From a trimming perspective this meant that to trim Rip, i had to change my trimming technique & position so that I could trim his hinds where he is comfortable to place them, which means I become a contorsionist to trim him! To maintain his free flowing gate & ensure longevity of his dressage career he is also trimmed to very specific requirements. Rip is a great example of why it's so important to have a trimmer / farrier who not only understands how a hoof actually functions but understands that by trimming the hooves of a horse you can change how well every joint in the body functions! Affecting not only movement, soundness & longevitiy of your horses working life but also their attitude!
Paddy: was diagnosed with Navicular by vet's & wore the "traditional" corrective shoe to help deal with this problem. He was placed into "corrective shoes" where the heels are wedged up. When diagnosed with Navicular, it's basically a death sentence & the vet's simply try to make the horse "more comfortable" to live out what is left of their very short retirement. Despite the shoes, Paddy was still chronically lame & told to be put to sleep. Luckily for him, his owners at this point sought for another solution to make him comfortable for retirement & so decided to try barefoot. After removing his shoes & giving him a correct & balanced trim it was only a matter of months before Paddy went back into work. Despite me warning that jumping could be a problem for him due to the irreversable damage caused by toe first landing horses; (which is the main cause of Navicular!). Paddy went back to doing it all! Not bad for an off the track thoroughbred with Navicular! Paddy & other Navicular diagnosed horses will always carry the scars of the irreversable damage already caused by toe first landings to some degree, however it does not need to be a death sentence, once we get them back to landing heel first.
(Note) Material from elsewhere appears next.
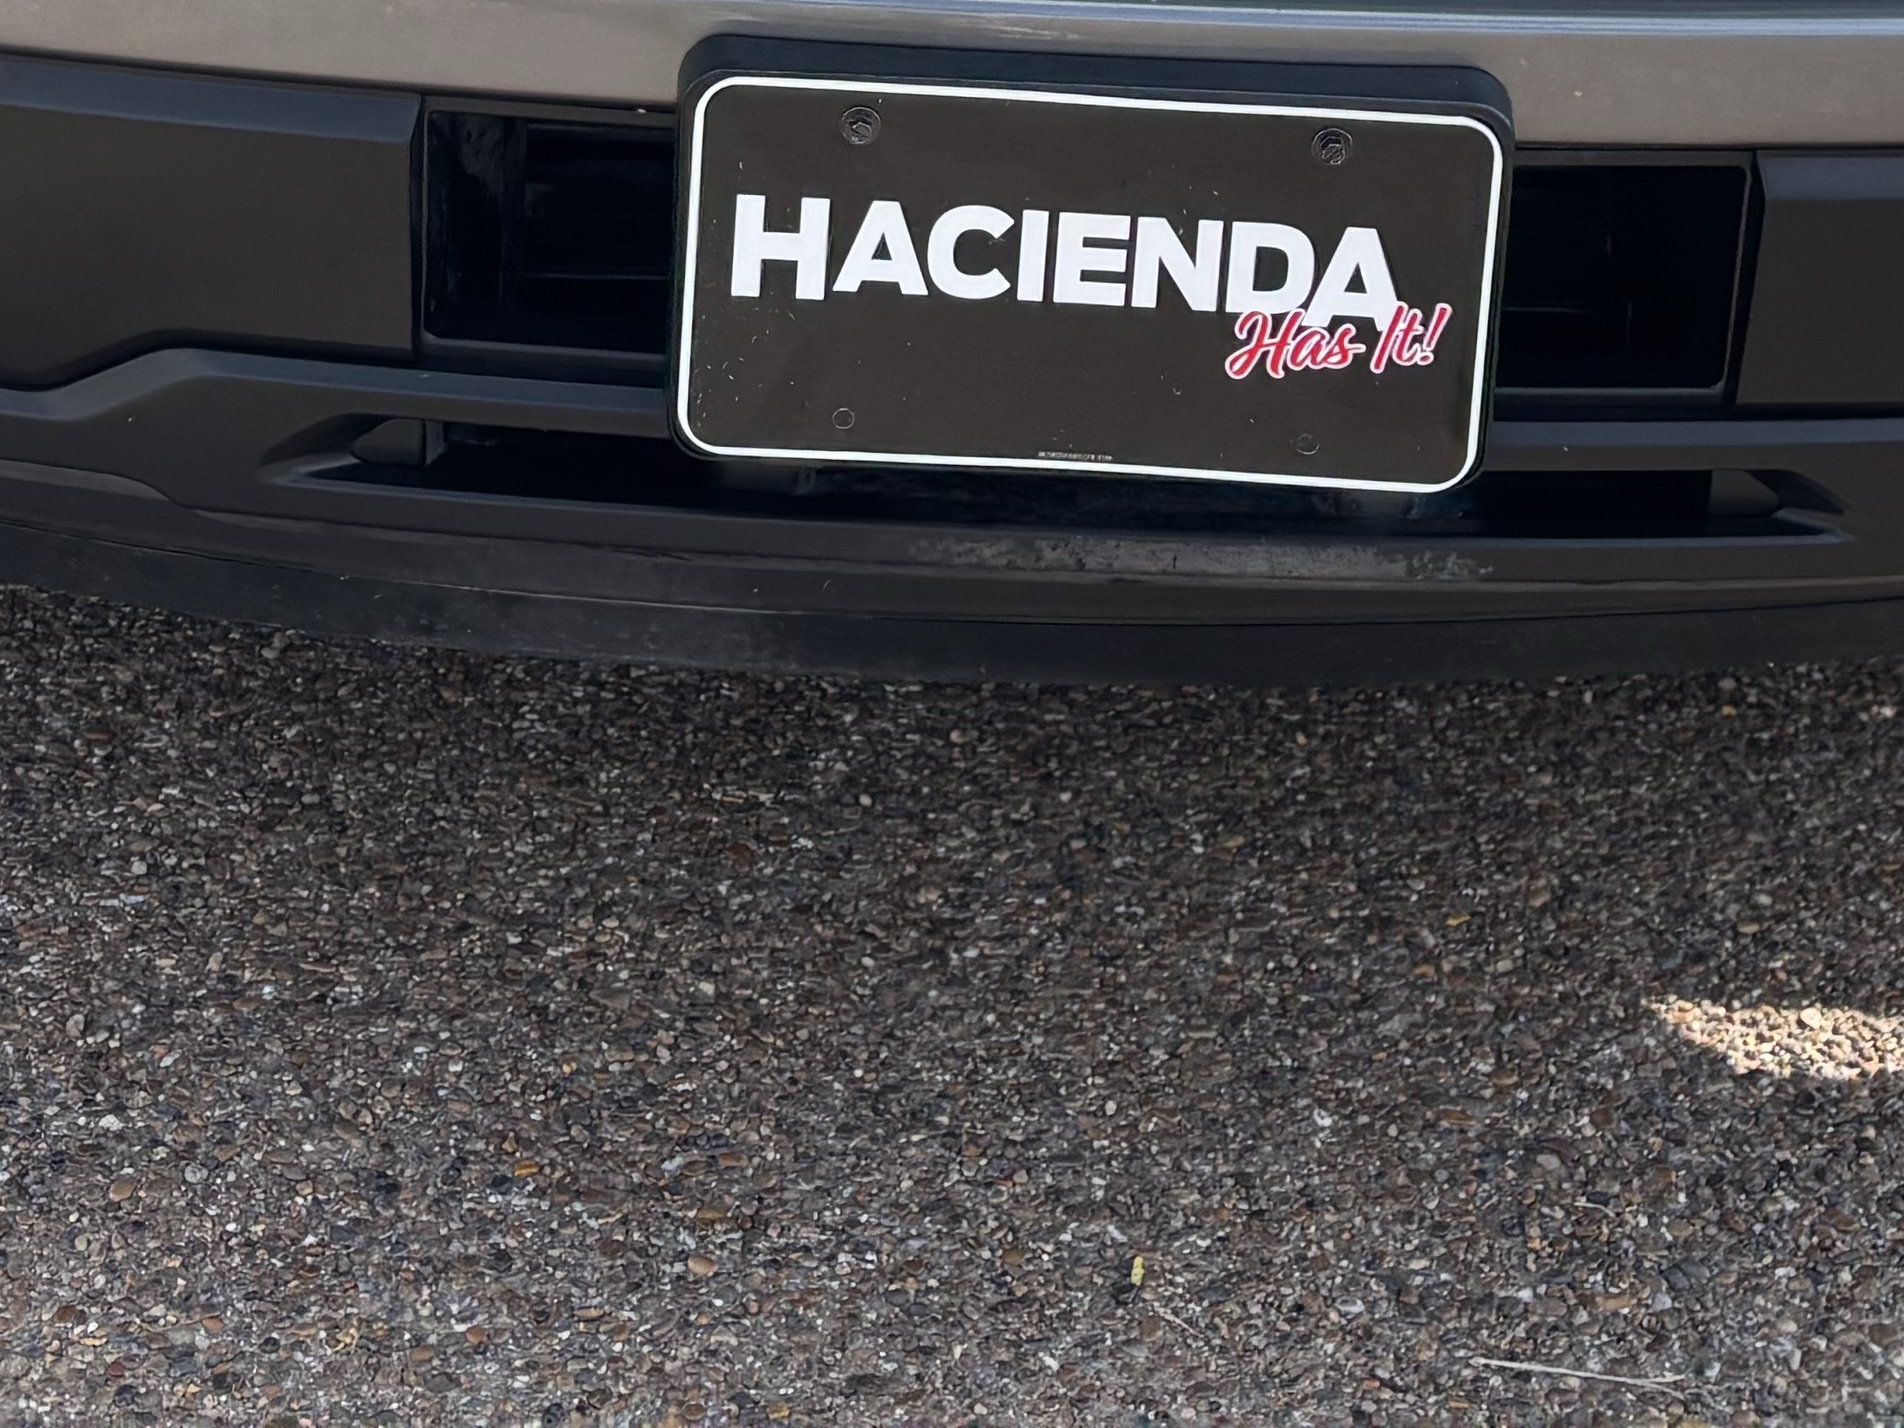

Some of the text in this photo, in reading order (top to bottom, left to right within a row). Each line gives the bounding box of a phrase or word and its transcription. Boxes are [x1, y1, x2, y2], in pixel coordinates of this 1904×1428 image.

[729, 193, 1400, 332] HACIENDA
[1225, 301, 1453, 380] Has It!
Which cannot be achieved by placing them into wedged shoes!!!! Check your horses gate for heel first or toe first landing. If your horse is landing toe first, it's only a matter of time before you'll get problems!
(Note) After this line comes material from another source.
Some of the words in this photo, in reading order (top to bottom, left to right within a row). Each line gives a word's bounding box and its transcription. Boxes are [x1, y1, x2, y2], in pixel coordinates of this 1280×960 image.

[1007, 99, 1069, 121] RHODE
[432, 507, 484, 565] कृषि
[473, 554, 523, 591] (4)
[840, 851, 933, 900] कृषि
Trust: was diagnosed with Navicular, again "corrective shod" & put into retirement. Still showing signs of lamness Trust's owners sought to make her more comfortable. Her shoes were removed and she never looked back. Before Navicular she was a professional barrel horse and once barefoot, almost immediatley, she went back to the professional circuit. A horse diagnosed with Navicular is not a death sentence and depending on the amount of damage sustained during the toe first landing period determines, along with other various hoof history how comfortable the horse will be barefoot. Not all Navicular diagnosed horses, once barefoot, can go back into work though.
Thankfully, today, through the latest research by Dr Robert Bowker, Navicular (caudal heel pain) can be determined by MRI scanning. Which means that if you can find a vet willing to MRI scan the Deep Digital Flexor Tendon at the point of the Navicular bone to check for inflamation of the Deep Digital Flexor and treat accordingly (achieving heel first landings!) at this point. The damage can be reversed, but once you get to the point where the vet can confirm with an Xray, the damage is done & irreversible!